Since graduating seminary, I’ve had the chance to preach ten times. Last summer when Sarah and I led The Macrina Community, I would first write out my sermons in manuscript format. Then I would make an outline based off of the manuscript, and preach from the outline. It was an extremely small, intimate and casual group – so it worked well. Since coming to Asbury, I’ve gone back to manuscript preaching, but I make every effort possible to deliver it in a more conversational tone. However, I would like to move away from the manuscript sometime in the future.

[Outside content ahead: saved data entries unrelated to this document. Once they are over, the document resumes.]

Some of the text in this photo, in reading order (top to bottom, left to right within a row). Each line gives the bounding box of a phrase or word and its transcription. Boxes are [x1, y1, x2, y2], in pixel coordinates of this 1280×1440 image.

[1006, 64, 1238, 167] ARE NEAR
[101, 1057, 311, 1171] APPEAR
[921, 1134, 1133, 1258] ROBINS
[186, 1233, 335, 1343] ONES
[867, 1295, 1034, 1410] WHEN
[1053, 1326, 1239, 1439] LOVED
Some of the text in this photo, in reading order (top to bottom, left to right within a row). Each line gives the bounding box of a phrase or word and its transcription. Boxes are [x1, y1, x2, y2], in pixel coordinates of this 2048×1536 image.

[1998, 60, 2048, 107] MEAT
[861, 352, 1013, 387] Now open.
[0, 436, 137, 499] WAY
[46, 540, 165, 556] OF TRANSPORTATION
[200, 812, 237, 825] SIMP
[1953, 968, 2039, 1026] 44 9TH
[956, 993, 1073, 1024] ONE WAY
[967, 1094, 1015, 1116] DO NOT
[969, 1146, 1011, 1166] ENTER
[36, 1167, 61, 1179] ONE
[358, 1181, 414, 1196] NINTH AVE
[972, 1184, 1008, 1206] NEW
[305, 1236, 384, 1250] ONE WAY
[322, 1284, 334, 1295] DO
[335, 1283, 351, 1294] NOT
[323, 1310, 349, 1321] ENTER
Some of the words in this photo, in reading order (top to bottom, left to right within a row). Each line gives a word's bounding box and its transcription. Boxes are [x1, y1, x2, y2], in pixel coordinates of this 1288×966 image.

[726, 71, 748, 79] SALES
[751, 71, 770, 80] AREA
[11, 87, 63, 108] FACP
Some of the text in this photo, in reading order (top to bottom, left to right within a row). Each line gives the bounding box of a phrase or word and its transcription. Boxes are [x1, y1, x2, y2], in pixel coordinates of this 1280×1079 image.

All of this is just to say that I’ve been saving Countdown to Sunday: A Daily Guide For Those Who Dare to Preach, by Chris Erdman, for a time when I was actually preaching on a regular basis. I first met Chris at a friend’s wedding in Fresno, and we had been following each others blogs for awhile. I’ve met and become friends with even more people who come out of University Presbyterian Church in Fresno, where Chris serves as Senior Pastor, and people can’t say enough good things about him. So when he told me about this book, I knew I wanted to give it a read and share it all with you.
Countdown to Sunday is a collection of reflections on the daily life of a preacher and other essays that cover a range of things related to the preaching life. It is a book that isn’t necessarily meant to be read in a specific order, but I wanted to share with you some of my favorite sections, and a few quotes.
While this is not necessarily a “How to…” book, Chris certainly does offer some advice from time to time. In Chapter 5, “Preaching on the Run,” he writes:
Preaching is something lived. It comes out of who we are. Our task is simply to stay close to the text, stay close to who we are as witnesses to Jesus Christ (in all of our unique and God-breathed mystery and strength and necessity), and stay close to our people among whom we’re sent to host this text week in and week out…Now when my students ask, “How long does your sermon preparation take?” I answer, “A lifetime. No less, no more.”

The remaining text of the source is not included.